Jude Obi, the president of the Association of Organic Agriculture Practitioners said the dwindling output level arose due to the detrimental effects of synthetic fertilizers. Instead of replenishing the soil, these fertilizers end up damaging it, leading to a decline in yield. He said utilization of more synthetic fertilizers on farms will perpetuate low yield. The Food and Agricultural Organization of the United Nations has provided evidence that Nigeria, being the most populous nation in Africa, has not made sufficient attempts to enhance its agricultural Productivity. In comparison to other countries in the region, Nigeria consistently reports low yields per hectare.

Q3 2022 trade activity reached a sum of ₦863.67 billion.

For Nigeria, the average yield of rice per hectare stands at 1.93 metric tons (MT). However, in Kenya, the average yield is considerably higher at 7.28MT. Ghana follows with a yield of 2.97MT, while South Africa and Ethiopia produce 2.84MT and 3.33MT respectively. In terms of maize production, Ethiopia boasts the highest average yield of maize in Africa, producing 4.24MT per hectare, exceeding Nigeria’s yield of 2.12MT. Meanwhile, Ghana average yield stands at 2.69MT per hectare, and South Africa achieves an impressive average yield of 5.41MT.

Analysts interviewed by the media posit that Nigerian insufficient food production poses a significant challenge as it fails to meet its own food requirements. Q3 2022 witnessed a noteworthy trade activity in the sector, reaching a sum of ₦863.67 billion. 25 percent of this amount, equivalent to ₦219.99 billion, was attributed to exports, whereas imports seized the majority share of 75 percent, equivalent to ₦643.68 billion. The NBS reported that the third quarter of 2023 witnessed a significant rise in the import value of agricultural goods, reaching ₦643.68 billion.

Soaring food prices resulted in a decline in production levels.

This figure represents a growth of 41.51% when compared to the previous quarter (Q2, 2023) and a 25.50% increase compared to the same quarter in the previous year (Q3, 2022). On the other hand, the Export value of agricultural goods in Q3, 2023 amounted to ₦219.99 billion, lower than the value recorded in Q2, 2023 which was ₦280.87 billion. This indicates a decline of 21.68 percent and an increase of 161.25 percent in comparison to Q3 2022 (₦84.21 billion).
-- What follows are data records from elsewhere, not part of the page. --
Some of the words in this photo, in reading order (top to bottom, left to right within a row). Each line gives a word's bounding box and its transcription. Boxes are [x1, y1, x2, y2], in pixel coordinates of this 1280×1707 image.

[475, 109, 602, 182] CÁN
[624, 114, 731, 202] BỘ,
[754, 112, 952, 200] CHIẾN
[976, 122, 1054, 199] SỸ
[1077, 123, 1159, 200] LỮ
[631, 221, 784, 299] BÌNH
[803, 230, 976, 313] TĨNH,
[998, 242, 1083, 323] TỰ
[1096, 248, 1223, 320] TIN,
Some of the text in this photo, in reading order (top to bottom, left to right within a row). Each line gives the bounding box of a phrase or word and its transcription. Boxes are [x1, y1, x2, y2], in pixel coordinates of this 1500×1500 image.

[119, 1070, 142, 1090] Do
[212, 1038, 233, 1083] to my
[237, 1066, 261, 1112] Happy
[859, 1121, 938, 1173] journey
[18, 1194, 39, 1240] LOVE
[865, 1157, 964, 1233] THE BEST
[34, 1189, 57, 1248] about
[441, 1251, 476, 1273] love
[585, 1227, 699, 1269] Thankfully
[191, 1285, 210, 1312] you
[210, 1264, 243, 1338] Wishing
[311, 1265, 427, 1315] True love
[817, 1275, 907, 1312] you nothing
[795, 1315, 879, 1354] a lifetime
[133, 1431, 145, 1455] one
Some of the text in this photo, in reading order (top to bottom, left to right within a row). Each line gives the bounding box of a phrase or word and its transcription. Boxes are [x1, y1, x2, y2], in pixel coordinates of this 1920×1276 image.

Abiodun Olorundero, managing partner, Prasino Farms, said the escalating Inflation rates and soaring Food Prices have resulted in a significant decline in production levels. Olorundenro also highlighted the exorbitant expenses associated with conducting business in the country. Inflationary Pressures are on the rise, as are logistical costs. Moreover, petrol and diesel prices have surged by more than 50 percent, further compounding the issue as the purchasing power of end consumers diminishes. He said these aforementioned factors, among various others, are contributing to the decline in production levels.

Nigeria remains heavily dependent on importing food.

Despite numerous attempts to promote self-sufficiency through import substitution, the nation remains heavily dependent on importing food to address its current shortages and meet demands. Over the past seven years, the federal government has invested billions of dollars in a variety of agricultural initiatives aimed at boosting domestic food production. Nevertheless, these efforts have not yielded significant results, as the country continues to grapple with substantial disparities between the demand and supply of its essential food items.